Action item: The full set of entries is to be printed exactly, with pictures excluded.

Stored data entries:
++++
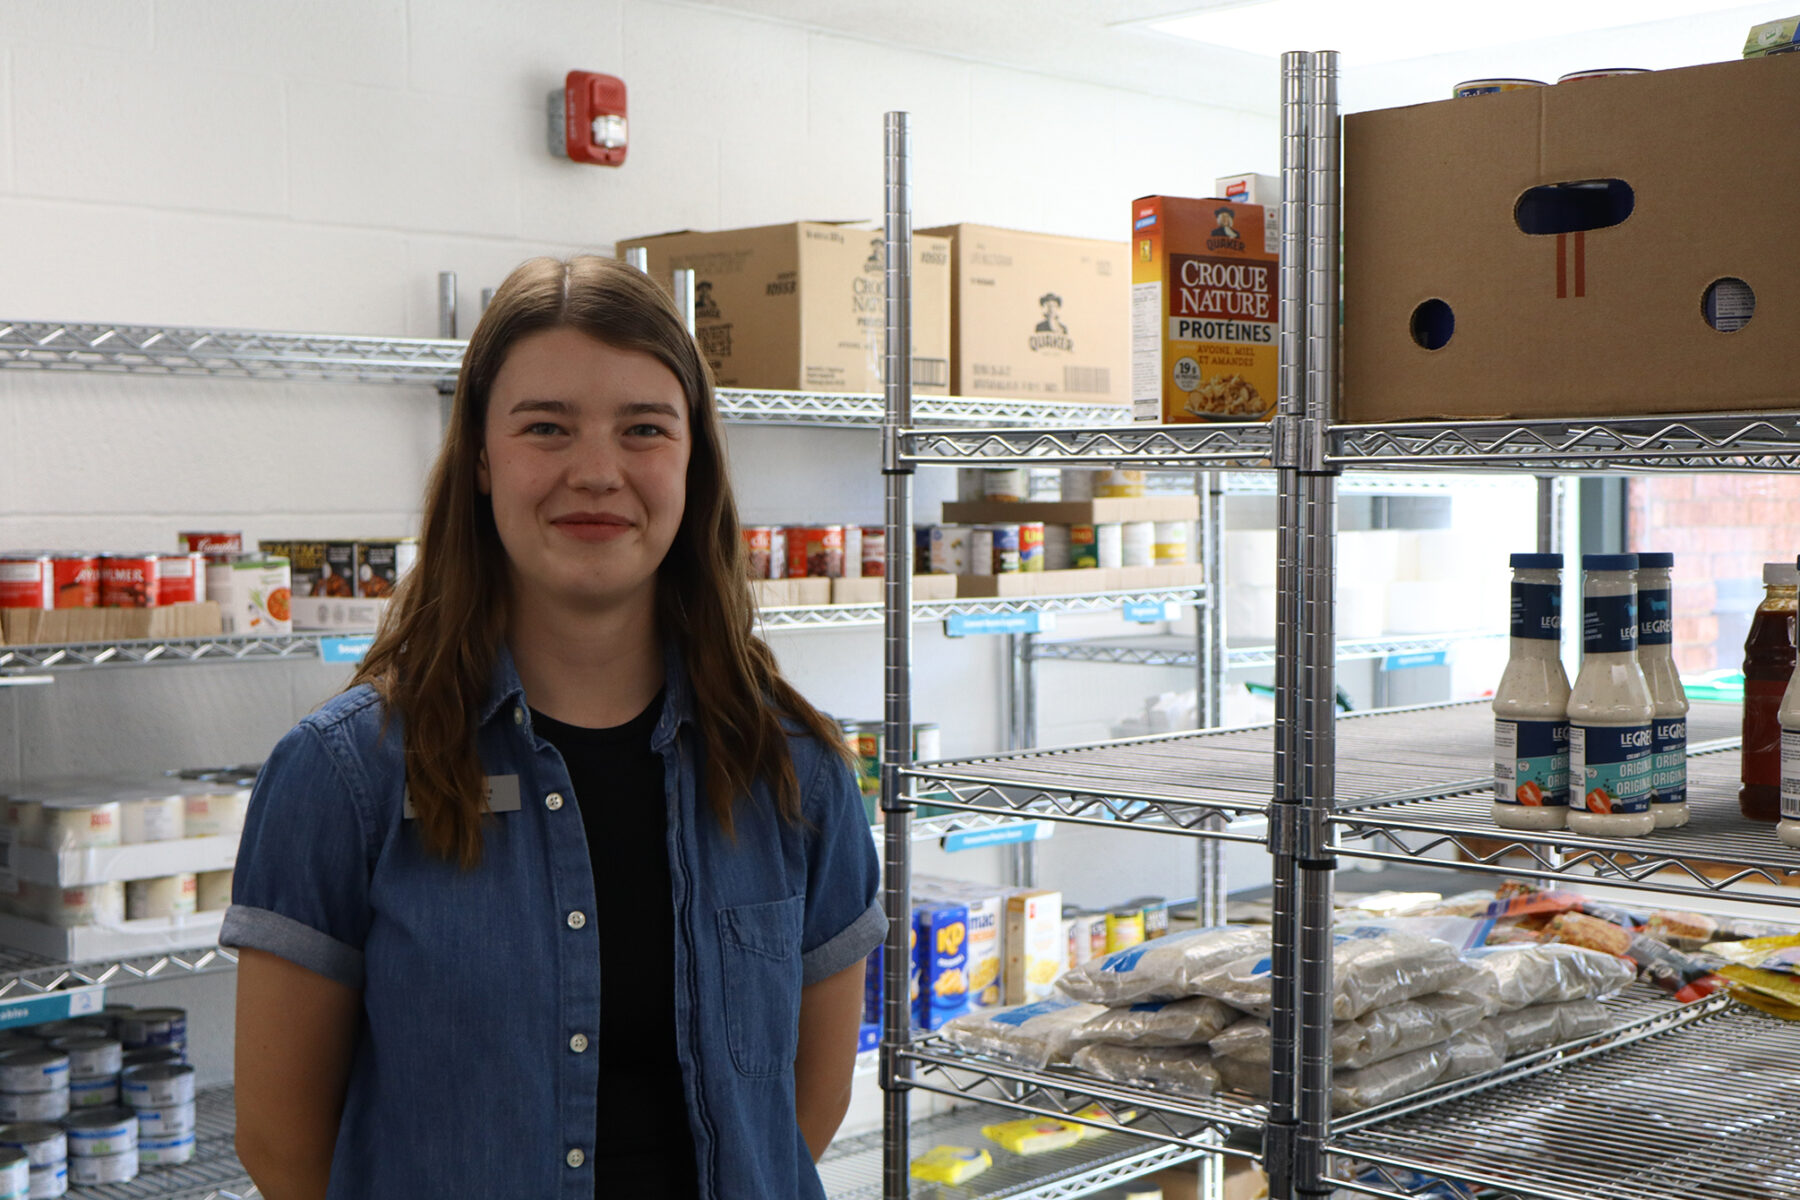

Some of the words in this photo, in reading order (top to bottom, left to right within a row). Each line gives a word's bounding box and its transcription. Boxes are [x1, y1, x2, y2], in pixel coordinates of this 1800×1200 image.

[1206, 238, 1246, 251] QUAKER
[1181, 259, 1268, 293] CROQUE
[1180, 287, 1270, 318] NATURE
[1179, 319, 1272, 342] PROTÉINES
[1029, 334, 1074, 352] QUAKER
[1179, 362, 1191, 374] 19
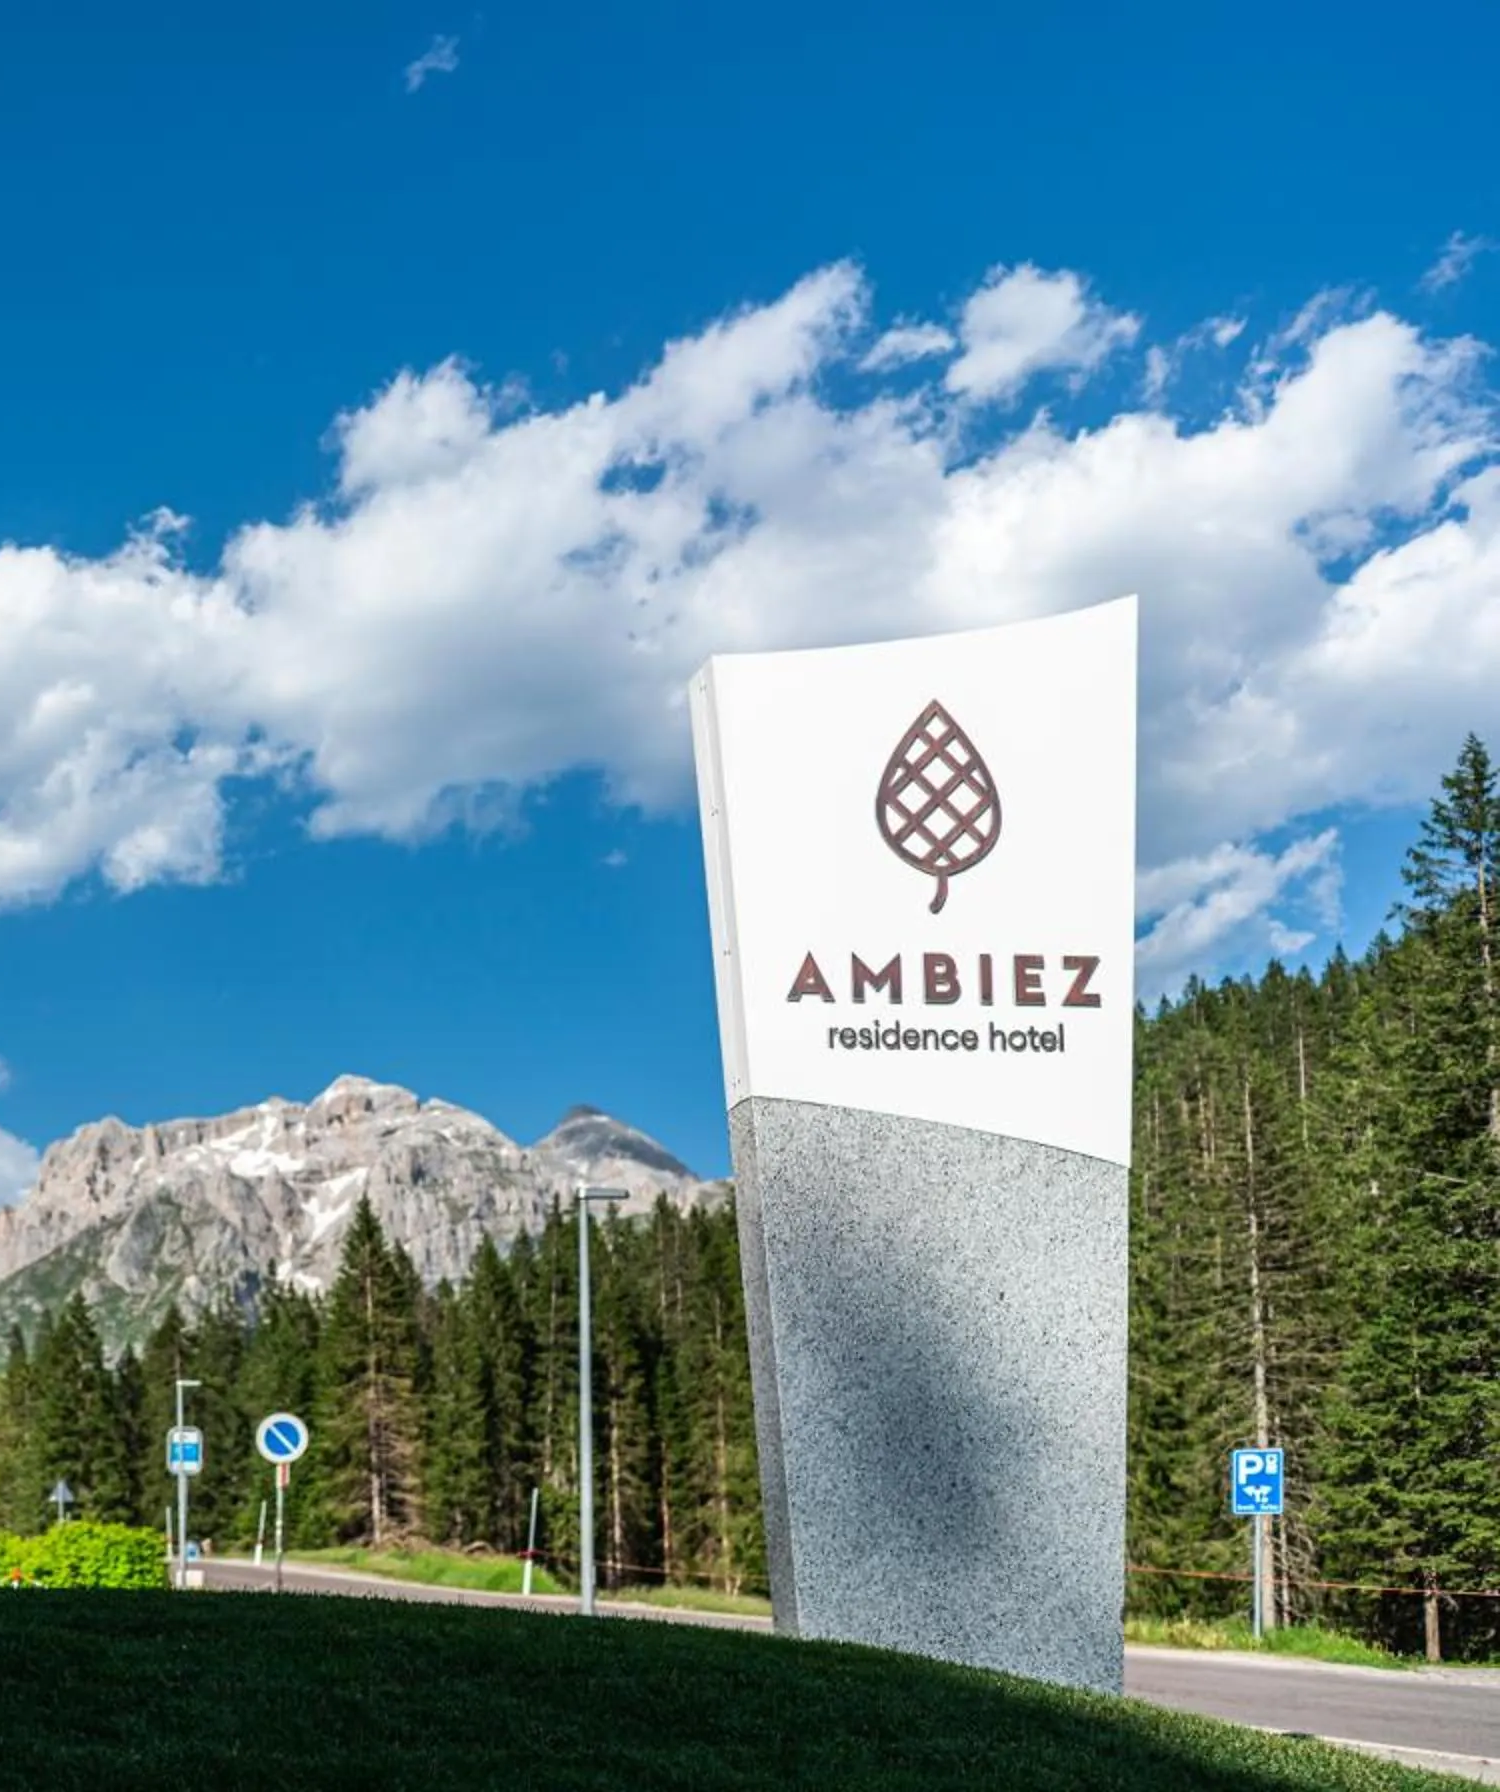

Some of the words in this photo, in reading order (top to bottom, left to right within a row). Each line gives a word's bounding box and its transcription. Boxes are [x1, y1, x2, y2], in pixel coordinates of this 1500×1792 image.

[787, 950, 1102, 1008] AMBIEZ
[828, 1020, 979, 1052] residence
[990, 1022, 1065, 1053] hotel
[1238, 1453, 1264, 1485] P
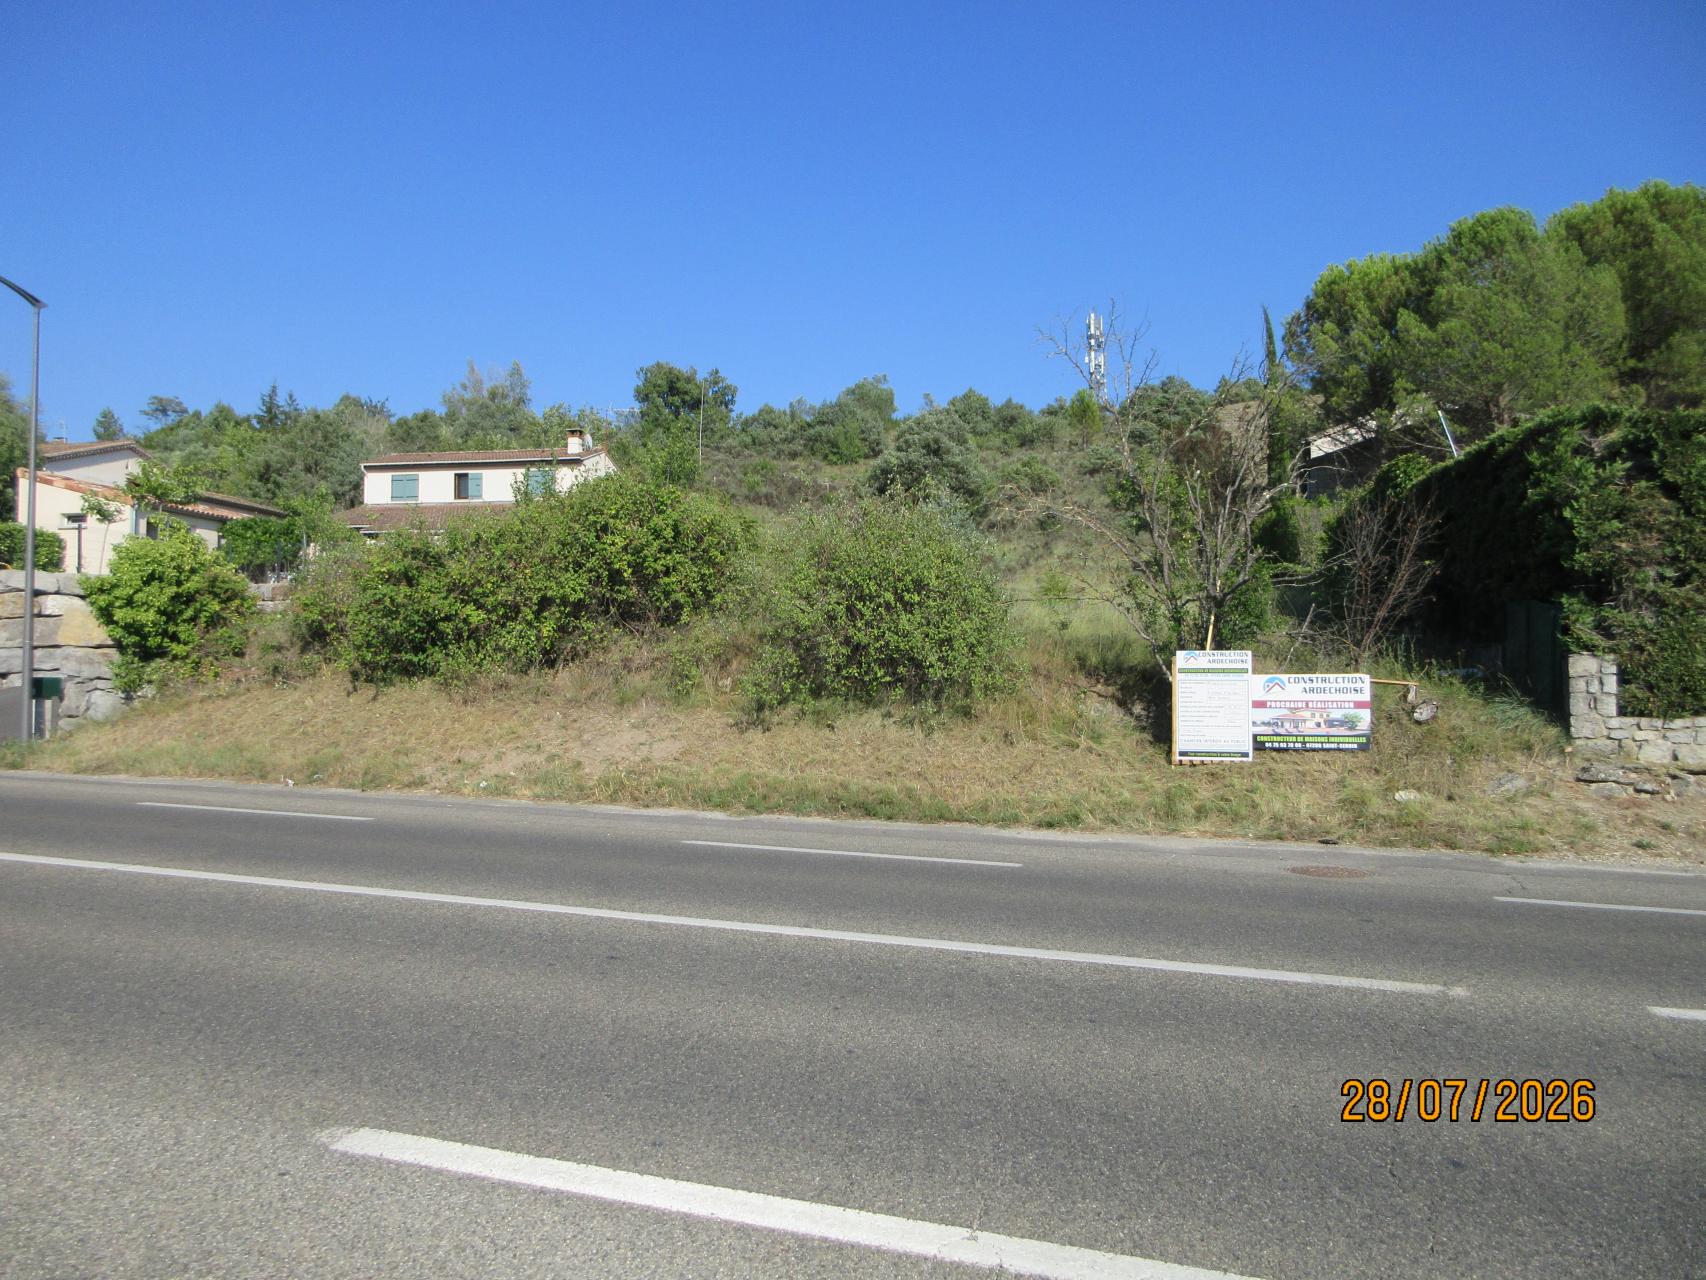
++++
Answer for this exercise:
Some of the words in this photo, in reading order (top to bottom, left to right within a row). Each line gives a word's bounding box and its transcription. Boxes are [x1, y1, x2, y2], in pixel coordinates of this 1800×1200 image.

[1206, 238, 1246, 251] QUAKER
[1181, 259, 1268, 293] CROQUE
[1180, 287, 1270, 318] NATURE
[1179, 319, 1272, 342] PROTÉINES
[1029, 334, 1074, 352] QUAKER
[1179, 362, 1191, 374] 19

Some of the words in this photo, in reading order (top to bottom, left to right within a row). Each line gives a word's bounding box and its transcription. Boxes are [x1, y1, x2, y2], in pixel coordinates of this 1500×1792 image.

[787, 950, 1102, 1008] AMBIEZ
[828, 1020, 979, 1052] residence
[990, 1022, 1065, 1053] hotel
[1238, 1453, 1264, 1485] P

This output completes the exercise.